------ RECORD EXTRACTS ------
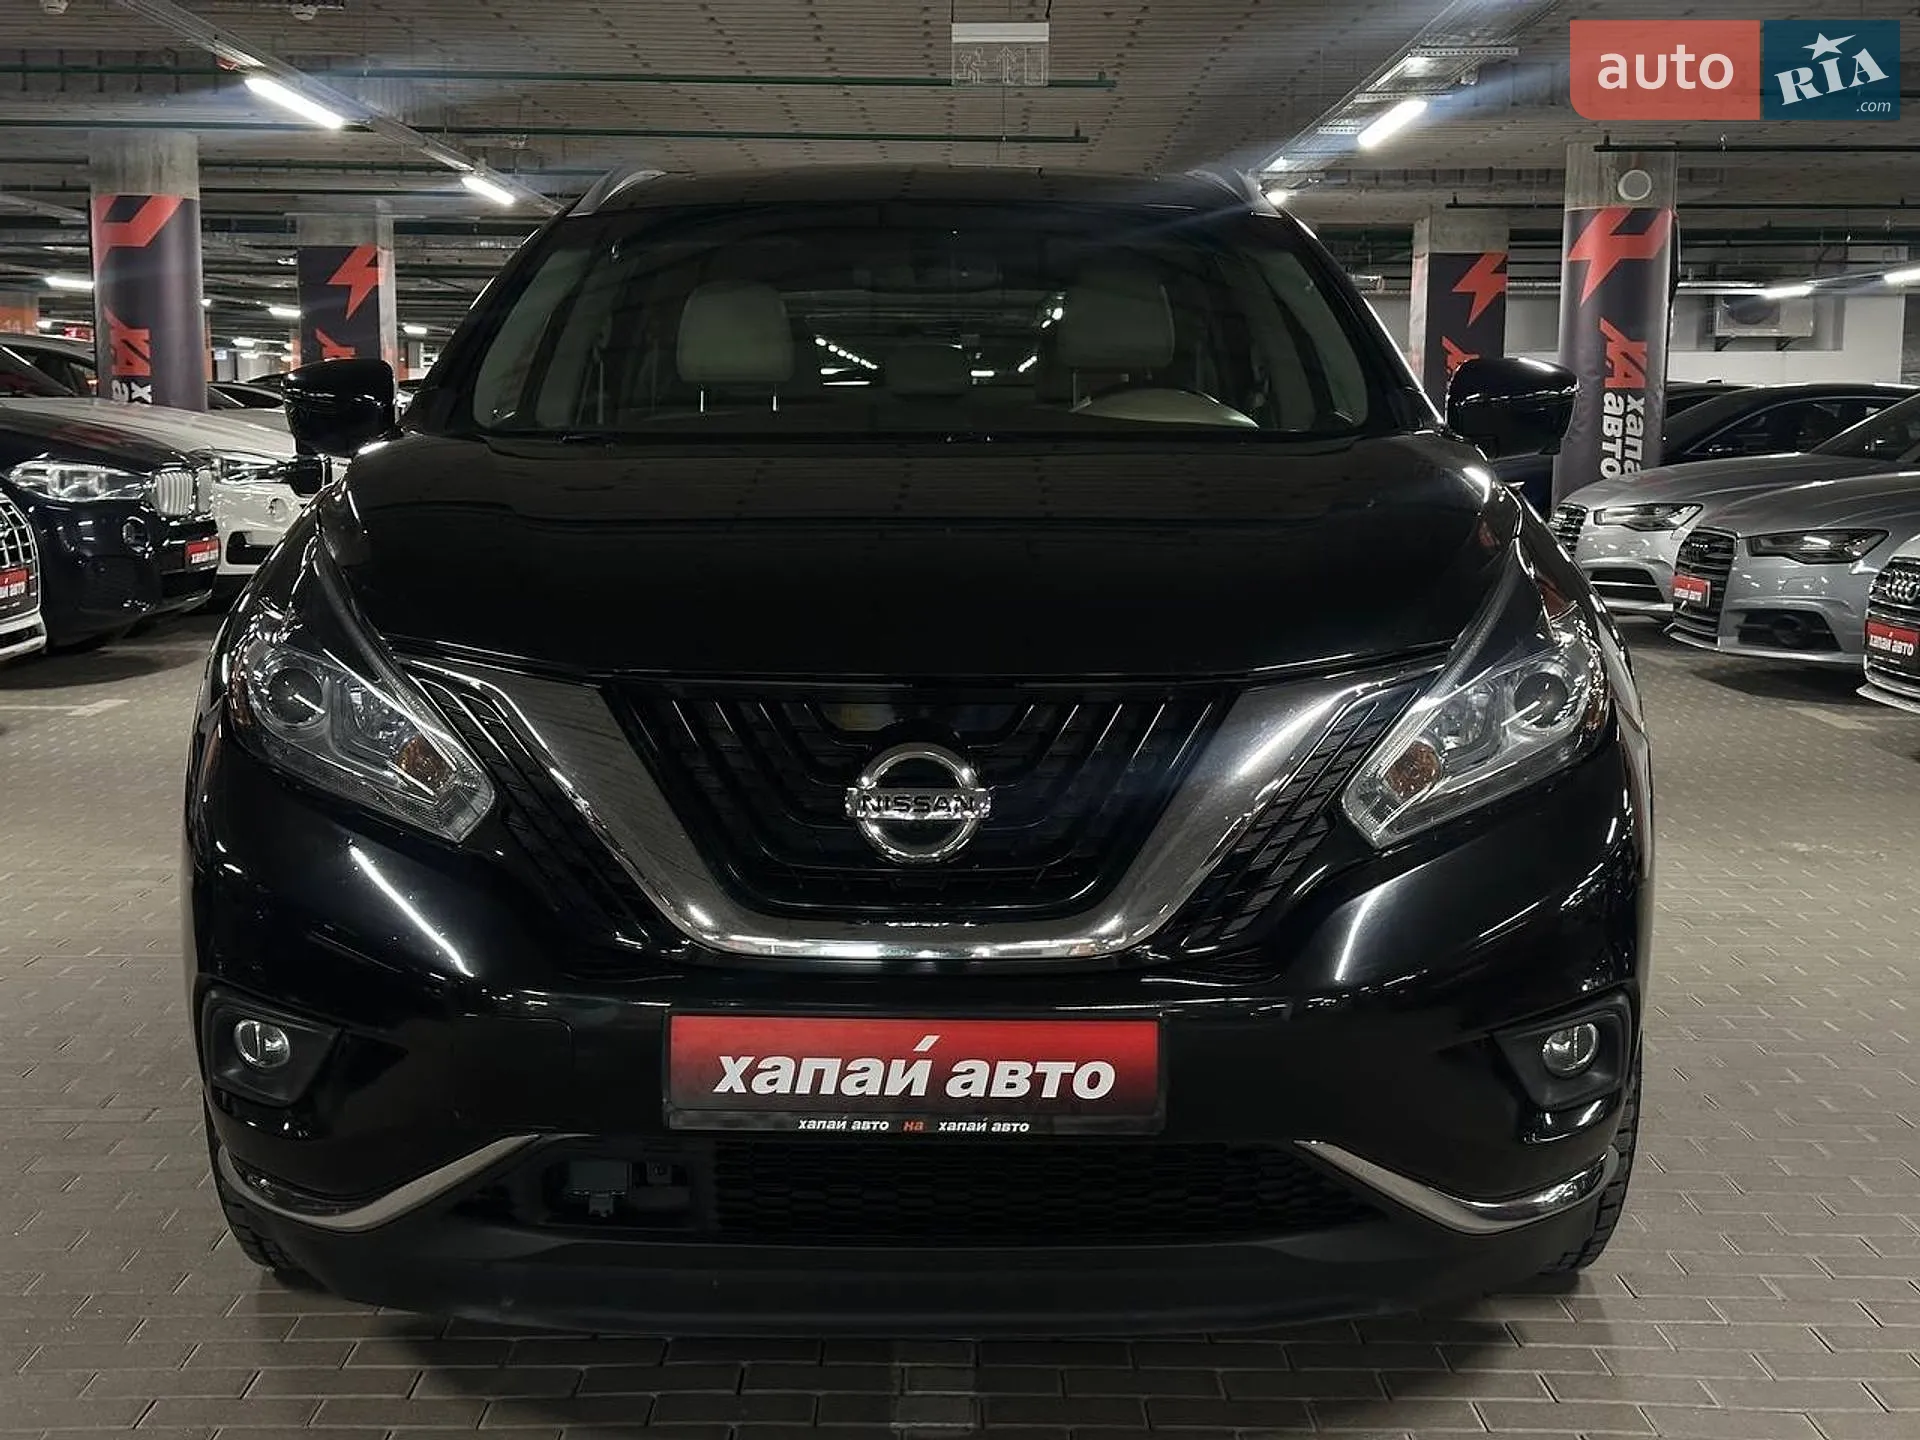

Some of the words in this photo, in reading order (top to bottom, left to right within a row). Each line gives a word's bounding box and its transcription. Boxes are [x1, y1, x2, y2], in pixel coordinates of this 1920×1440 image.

[1600, 392, 1625, 479] авто
[861, 794, 976, 813] NISSAN
[944, 1060, 1117, 1100] авто
[851, 1118, 890, 1131] авто
[903, 1120, 925, 1132] на
[991, 1119, 1030, 1133] авто
------
Restate every record exactly, please; do not copy the pictures.

- RESULT OF THIS TASK
Some of the words in this photo, in reading order (top to bottom, left to right within a row). Each line gives a word's bounding box and its transcription. Boxes are [x1, y1, x2, y2], in pixel coordinates of this 1920×1440 image.

[1600, 392, 1625, 479] авто
[861, 794, 976, 813] NISSAN
[944, 1060, 1117, 1100] авто
[851, 1118, 890, 1131] авто
[903, 1120, 925, 1132] на
[991, 1119, 1030, 1133] авто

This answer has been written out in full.